=== Begin Enclosure ===

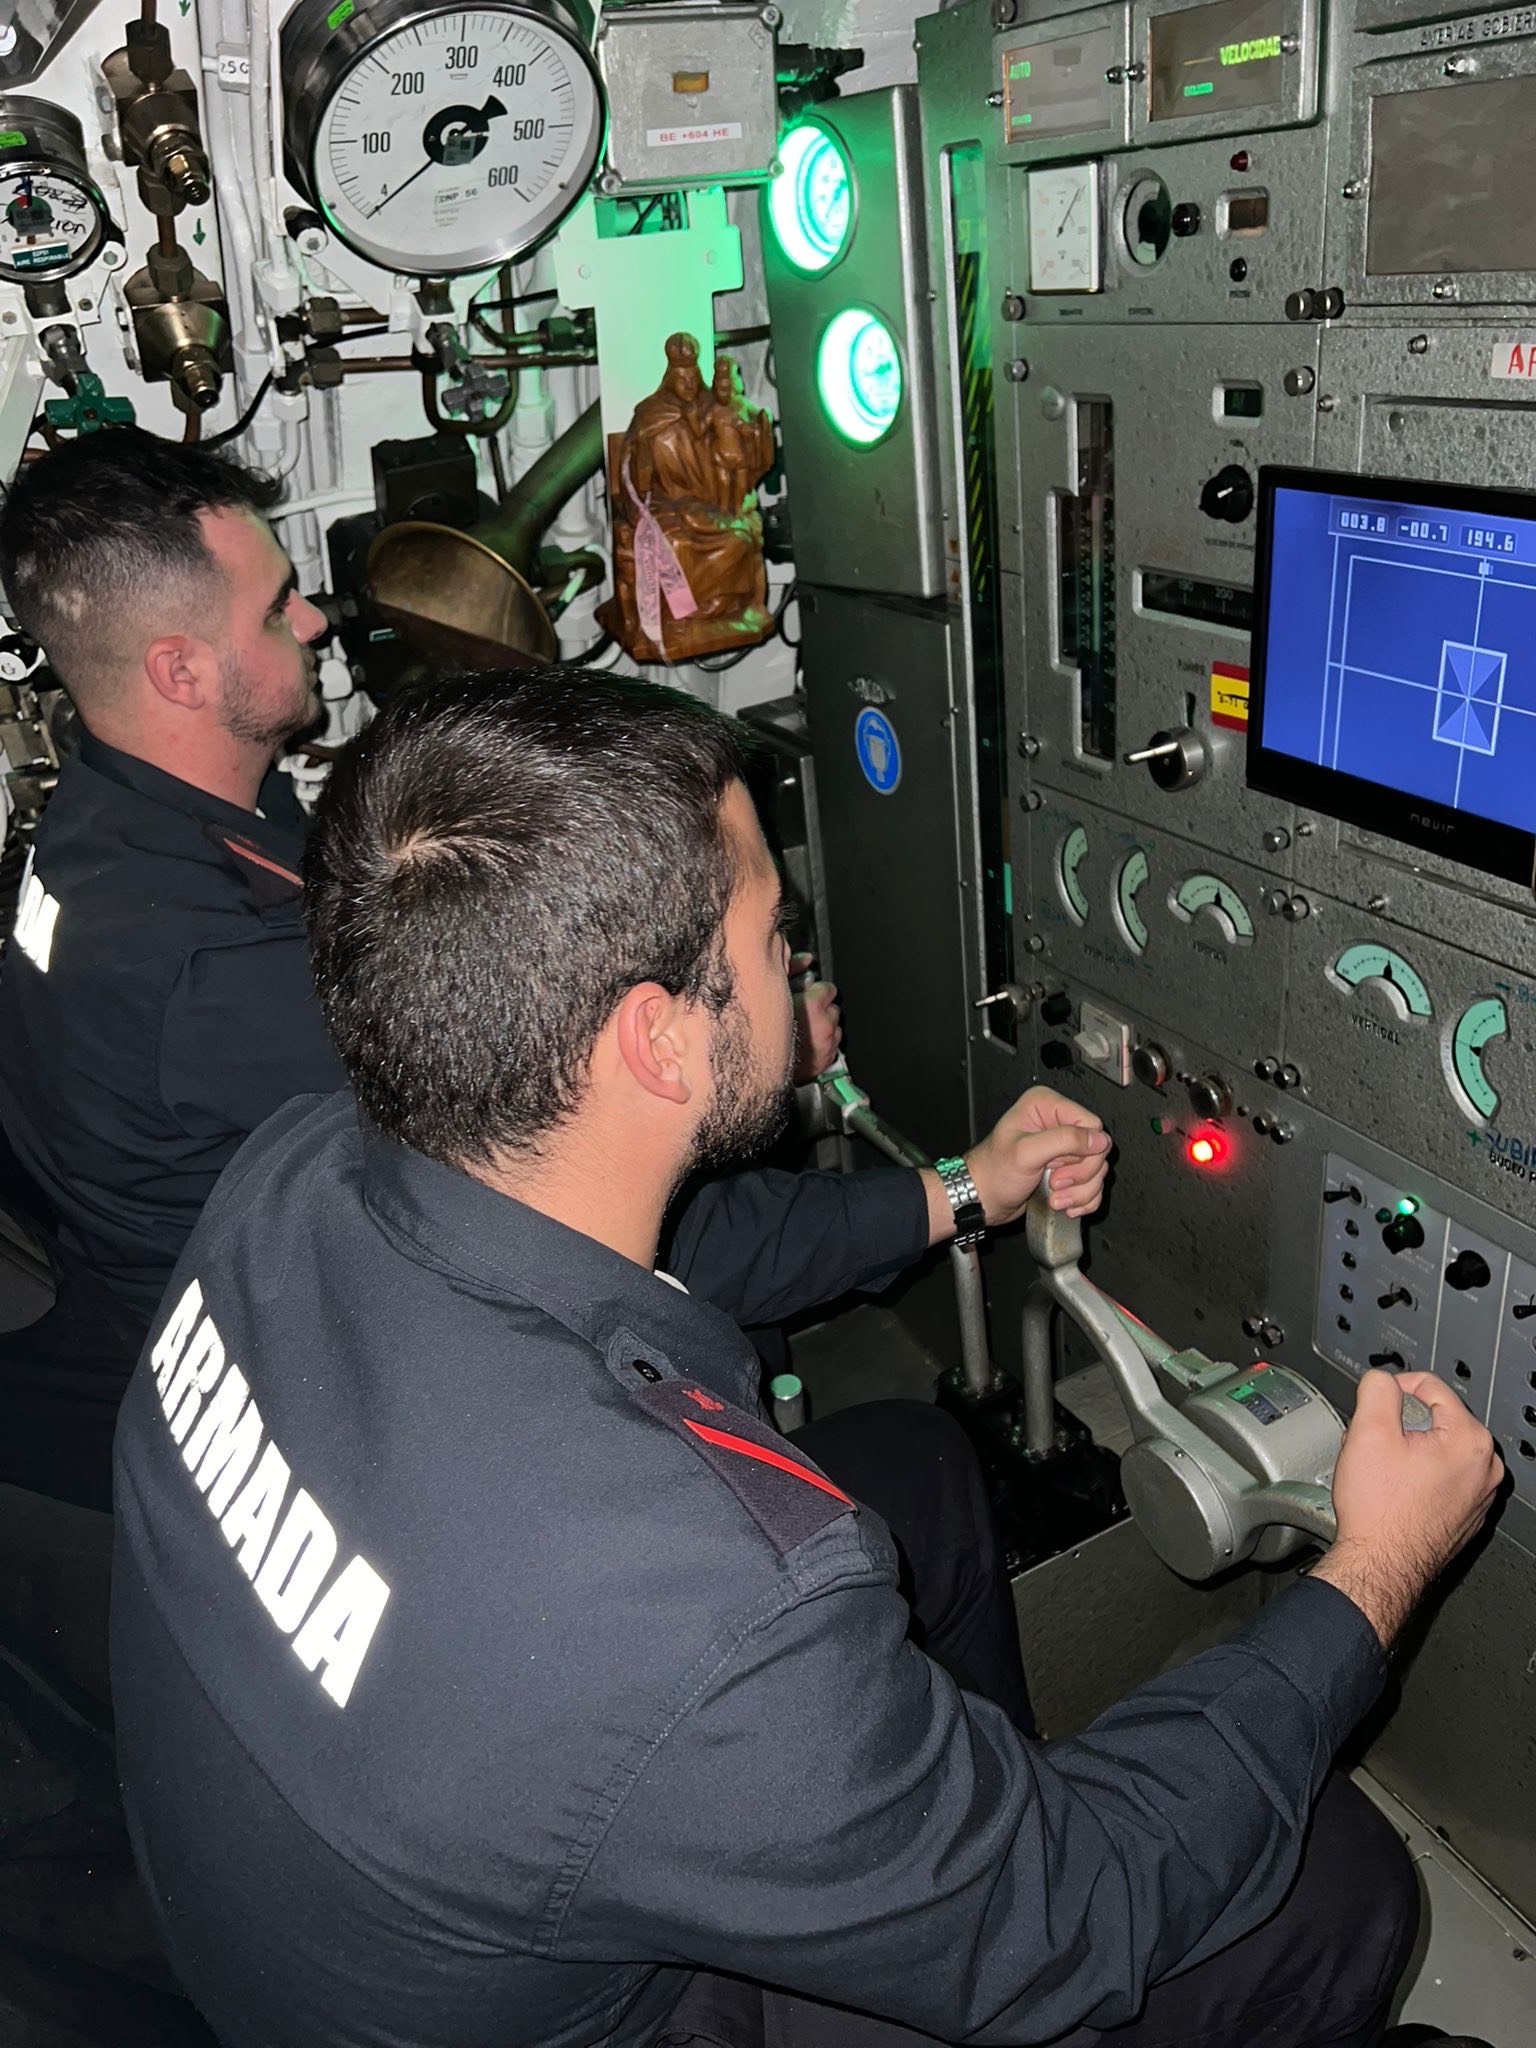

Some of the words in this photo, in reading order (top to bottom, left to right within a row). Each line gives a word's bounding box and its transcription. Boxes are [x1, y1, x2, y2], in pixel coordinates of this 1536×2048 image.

[1483, 11, 1536, 37] GOBIER
[445, 45, 478, 70] 300
[1220, 35, 1281, 66] VELOCIDAD
[391, 72, 424, 96] 200
[493, 64, 526, 88] 400
[513, 118, 545, 141] 500
[660, 132, 676, 142] BE
[713, 127, 729, 137] HE
[361, 131, 391, 154] 100
[488, 165, 519, 188] 600
[380, 183, 388, 197] 4
[1341, 511, 1386, 533] 003.8
[1400, 521, 1448, 542] -00.7
[1467, 529, 1514, 552] 194.6
[1410, 812, 1456, 834] nevir
[151, 1278, 391, 1709] ARMADA
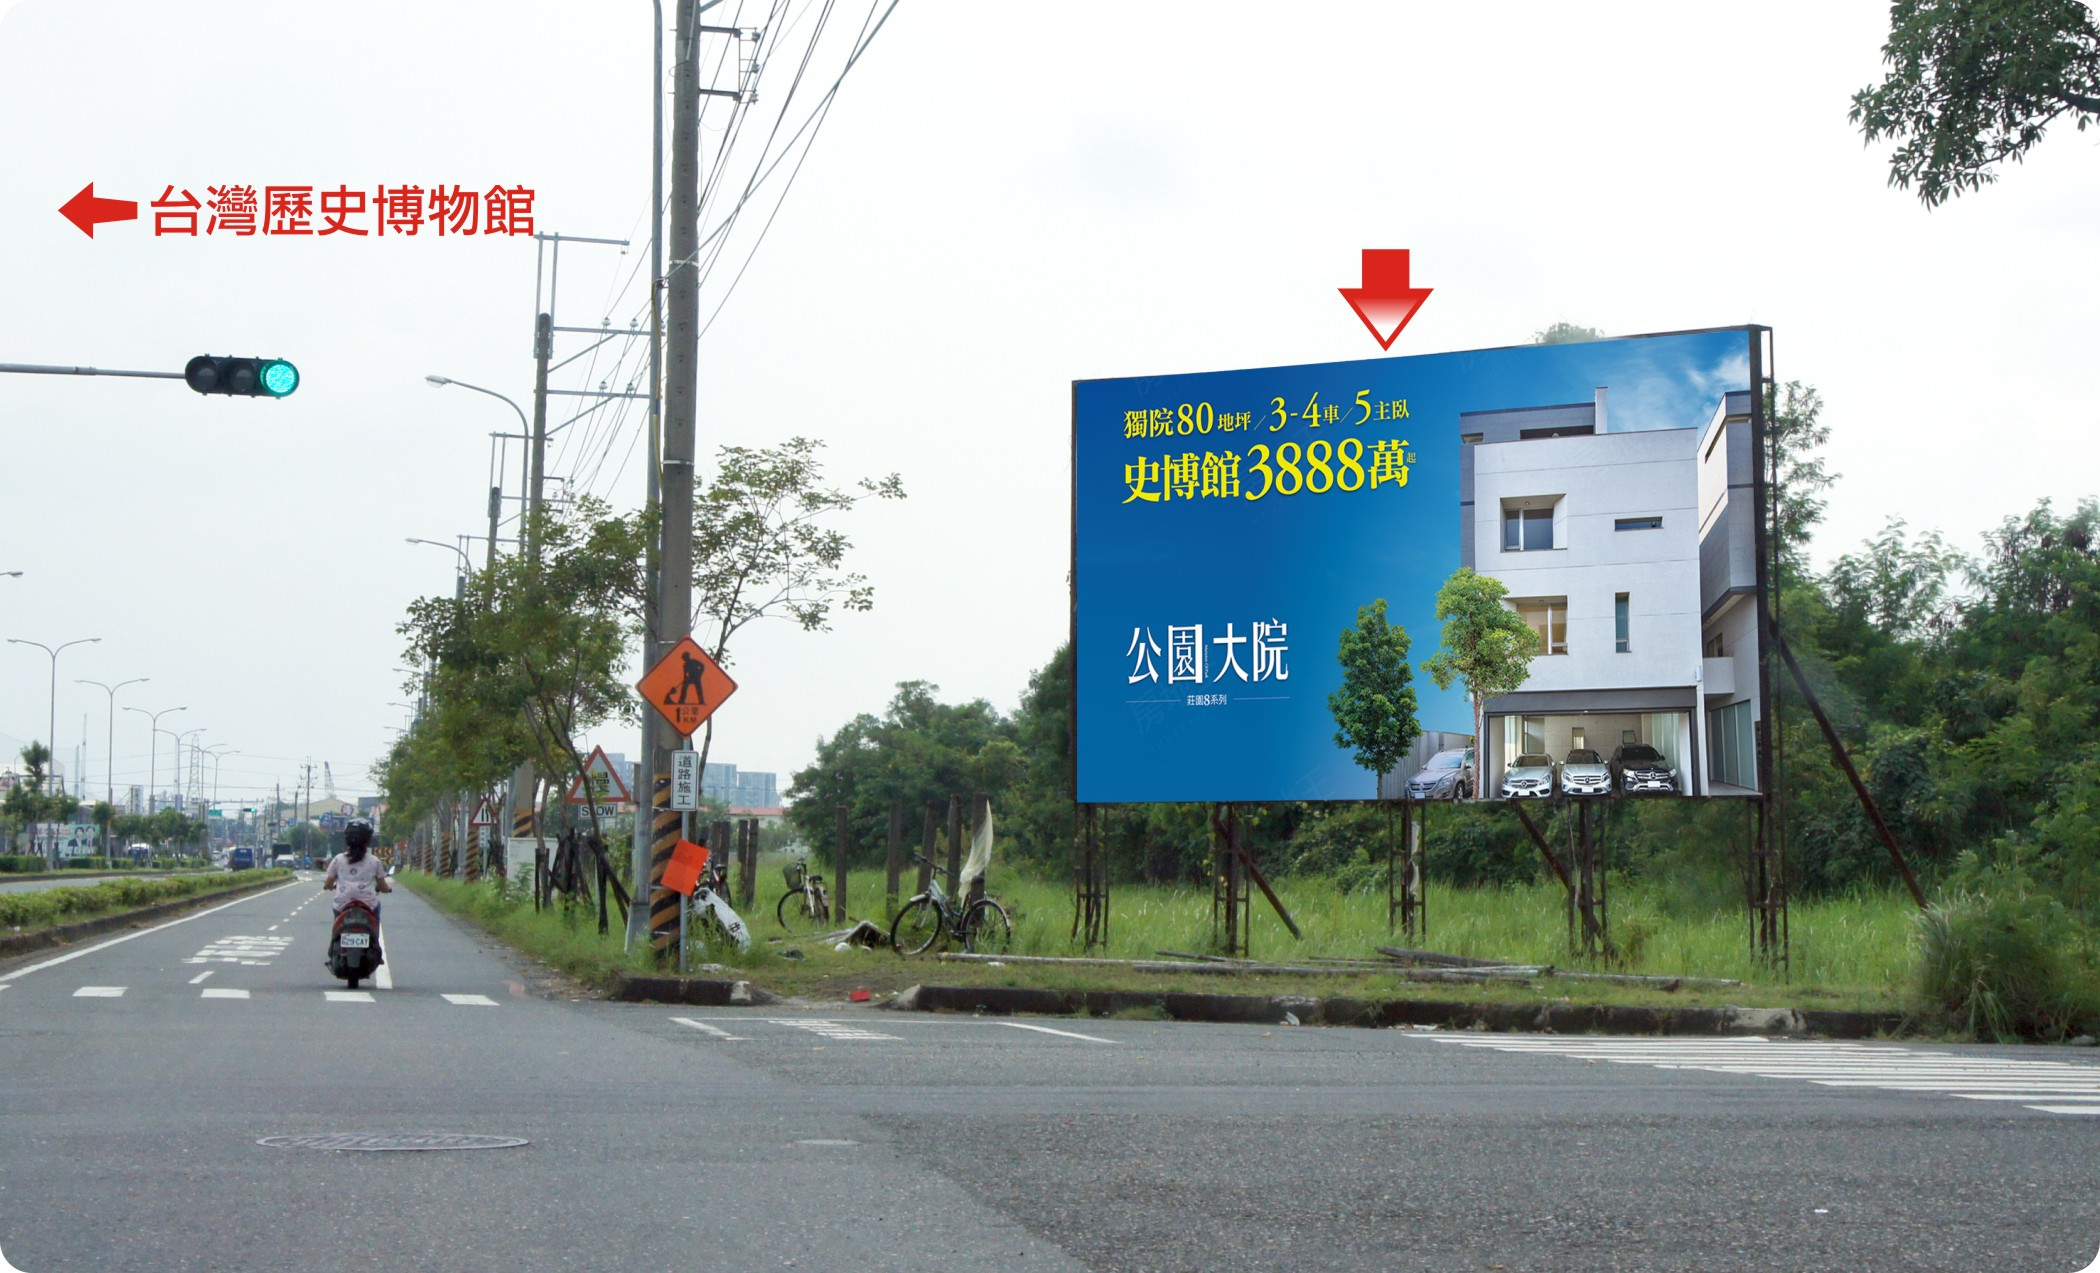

=== End Enclosure ===

§ AIM OF THE EXERCISE:
When you copy the listing, keep every line exactly as it is but leave out all images.

§ EXERCISE RESULT:
Some of the words in this photo, in reading order (top to bottom, left to right within a row). Each line gives a word's bounding box and its transcription. Boxes are [x1, y1, x2, y2], in pixel coordinates of this 1536×2048 image.

[1483, 11, 1536, 37] GOBIER
[445, 45, 478, 70] 300
[1220, 35, 1281, 66] VELOCIDAD
[391, 72, 424, 96] 200
[493, 64, 526, 88] 400
[513, 118, 545, 141] 500
[660, 132, 676, 142] BE
[713, 127, 729, 137] HE
[361, 131, 391, 154] 100
[488, 165, 519, 188] 600
[380, 183, 388, 197] 4
[1341, 511, 1386, 533] 003.8
[1400, 521, 1448, 542] -00.7
[1467, 529, 1514, 552] 194.6
[1410, 812, 1456, 834] nevir
[151, 1278, 391, 1709] ARMADA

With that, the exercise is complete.